Action item ▸ Exclude the images and transcribe the entries below precisely.
=== Section Start ===
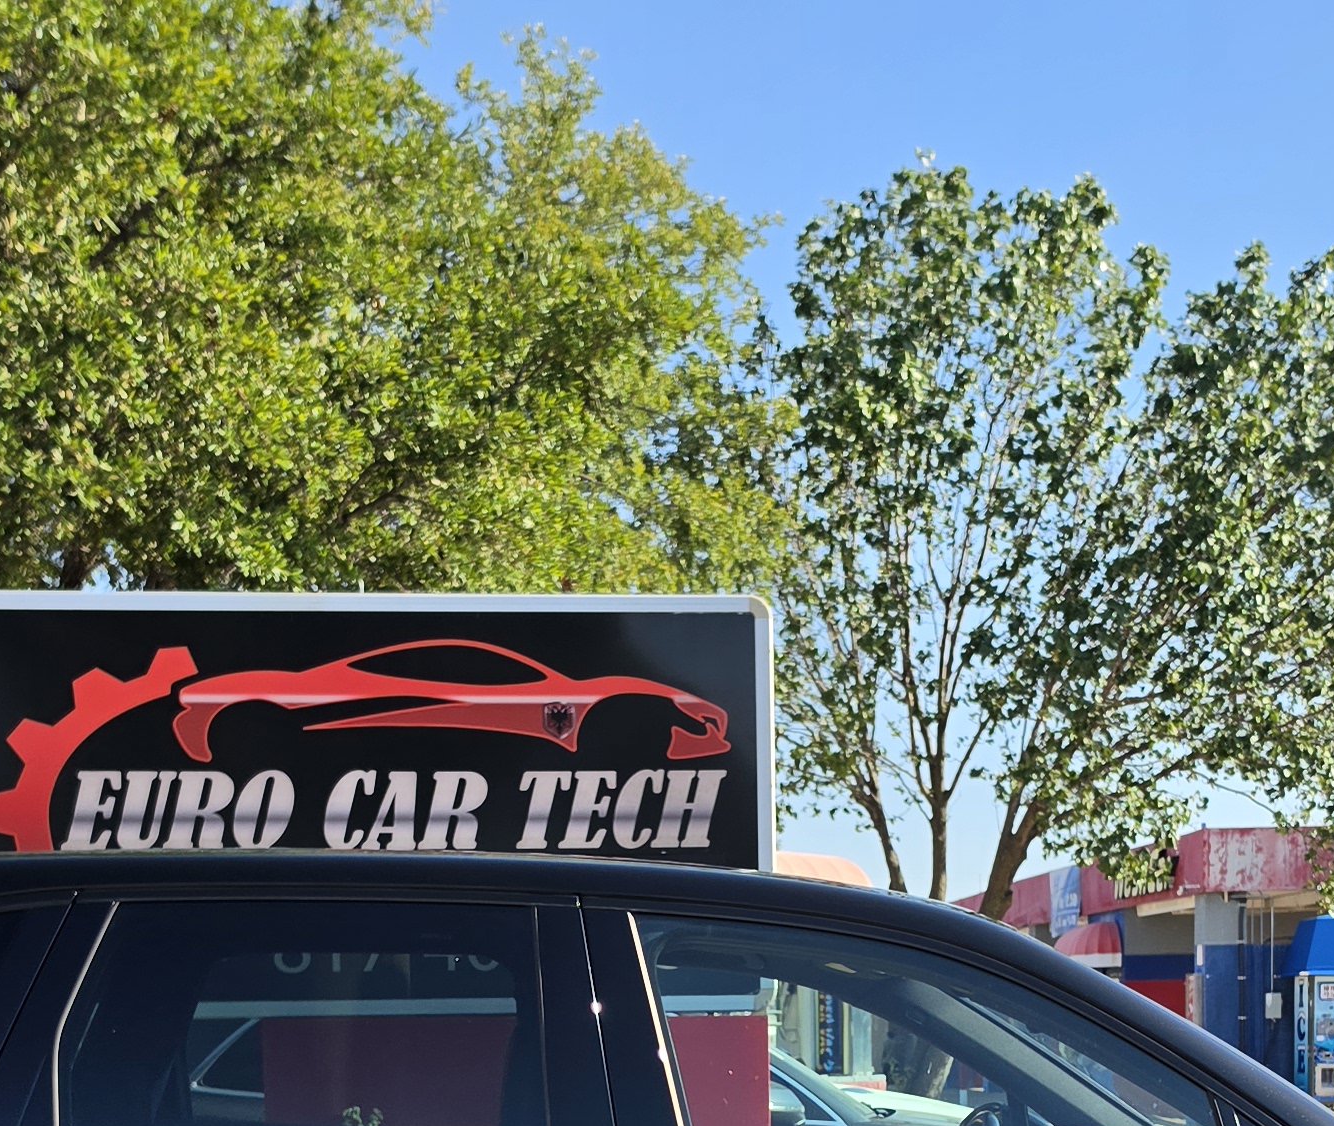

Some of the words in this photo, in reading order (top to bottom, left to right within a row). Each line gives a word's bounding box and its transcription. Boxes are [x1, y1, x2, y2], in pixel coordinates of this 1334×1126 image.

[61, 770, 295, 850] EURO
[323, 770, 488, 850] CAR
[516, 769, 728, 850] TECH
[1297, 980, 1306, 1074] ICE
=== Section End ===
Expected answer ▸
Some of the words in this photo, in reading order (top to bottom, left to right within a row). Each line gives a word's bounding box and its transcription. Boxes are [x1, y1, x2, y2], in pixel coordinates of this 1334×1126 image.

[61, 770, 295, 850] EURO
[323, 770, 488, 850] CAR
[516, 769, 728, 850] TECH
[1297, 980, 1306, 1074] ICE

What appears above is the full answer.